— What you need to do —
Your answer must be the full listing, reproduced word for word.

— Given records —
►
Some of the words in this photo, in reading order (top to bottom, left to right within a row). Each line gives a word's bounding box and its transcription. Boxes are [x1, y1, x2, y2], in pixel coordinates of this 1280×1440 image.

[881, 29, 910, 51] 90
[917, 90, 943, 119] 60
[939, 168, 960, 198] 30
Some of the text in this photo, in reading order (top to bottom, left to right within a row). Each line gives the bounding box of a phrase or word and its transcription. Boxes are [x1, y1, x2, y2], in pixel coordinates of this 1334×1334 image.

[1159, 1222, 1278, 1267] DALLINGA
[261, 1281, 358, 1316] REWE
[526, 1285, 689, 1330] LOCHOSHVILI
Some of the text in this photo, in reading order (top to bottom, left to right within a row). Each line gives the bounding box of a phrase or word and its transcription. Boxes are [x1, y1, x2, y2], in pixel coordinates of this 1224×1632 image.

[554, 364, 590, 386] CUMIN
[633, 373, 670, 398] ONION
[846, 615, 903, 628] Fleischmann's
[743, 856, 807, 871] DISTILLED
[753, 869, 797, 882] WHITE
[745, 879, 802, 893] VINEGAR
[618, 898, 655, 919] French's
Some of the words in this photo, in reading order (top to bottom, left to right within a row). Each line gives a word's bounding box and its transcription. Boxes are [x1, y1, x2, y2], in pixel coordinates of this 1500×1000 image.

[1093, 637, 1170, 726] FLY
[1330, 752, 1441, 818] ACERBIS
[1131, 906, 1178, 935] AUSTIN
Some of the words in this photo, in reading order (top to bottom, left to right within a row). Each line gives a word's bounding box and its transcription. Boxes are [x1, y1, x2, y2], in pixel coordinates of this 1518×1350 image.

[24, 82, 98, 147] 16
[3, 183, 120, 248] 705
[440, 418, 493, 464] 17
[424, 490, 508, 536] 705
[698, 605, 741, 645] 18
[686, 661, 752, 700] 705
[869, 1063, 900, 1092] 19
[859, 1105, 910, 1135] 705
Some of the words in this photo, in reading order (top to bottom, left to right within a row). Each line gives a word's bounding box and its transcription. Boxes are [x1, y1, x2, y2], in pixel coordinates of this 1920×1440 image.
◄
— Output for this exercise —
Some of the words in this photo, in reading order (top to bottom, left to right within a row). Each line gives a word's bounding box and its transcription. Boxes are [x1, y1, x2, y2], in pixel coordinates of this 1280×1440 image.

[881, 29, 910, 51] 90
[917, 90, 943, 119] 60
[939, 168, 960, 198] 30
Some of the text in this photo, in reading order (top to bottom, left to right within a row). Each line gives the bounding box of a phrase or word and its transcription. Boxes are [x1, y1, x2, y2], in pixel coordinates of this 1334×1334 image.

[1159, 1222, 1278, 1267] DALLINGA
[261, 1281, 358, 1316] REWE
[526, 1285, 689, 1330] LOCHOSHVILI
Some of the text in this photo, in reading order (top to bottom, left to right within a row). Each line gives the bounding box of a phrase or word and its transcription. Boxes are [x1, y1, x2, y2], in pixel coordinates of this 1224×1632 image.

[554, 364, 590, 386] CUMIN
[633, 373, 670, 398] ONION
[846, 615, 903, 628] Fleischmann's
[743, 856, 807, 871] DISTILLED
[753, 869, 797, 882] WHITE
[745, 879, 802, 893] VINEGAR
[618, 898, 655, 919] French's
Some of the words in this photo, in reading order (top to bottom, left to right within a row). Each line gives a word's bounding box and its transcription. Boxes are [x1, y1, x2, y2], in pixel coordinates of this 1500×1000 image.

[1093, 637, 1170, 726] FLY
[1330, 752, 1441, 818] ACERBIS
[1131, 906, 1178, 935] AUSTIN
Some of the words in this photo, in reading order (top to bottom, left to right within a row). Each line gives a word's bounding box and its transcription. Boxes are [x1, y1, x2, y2], in pixel coordinates of this 1518×1350 image.

[24, 82, 98, 147] 16
[3, 183, 120, 248] 705
[440, 418, 493, 464] 17
[424, 490, 508, 536] 705
[698, 605, 741, 645] 18
[686, 661, 752, 700] 705
[869, 1063, 900, 1092] 19
[859, 1105, 910, 1135] 705
Some of the words in this photo, in reading order (top to bottom, left to right within a row). Each line gives a word's bounding box and its transcription. Boxes are [x1, y1, x2, y2], in pixel coordinates of this 1920×1440 image.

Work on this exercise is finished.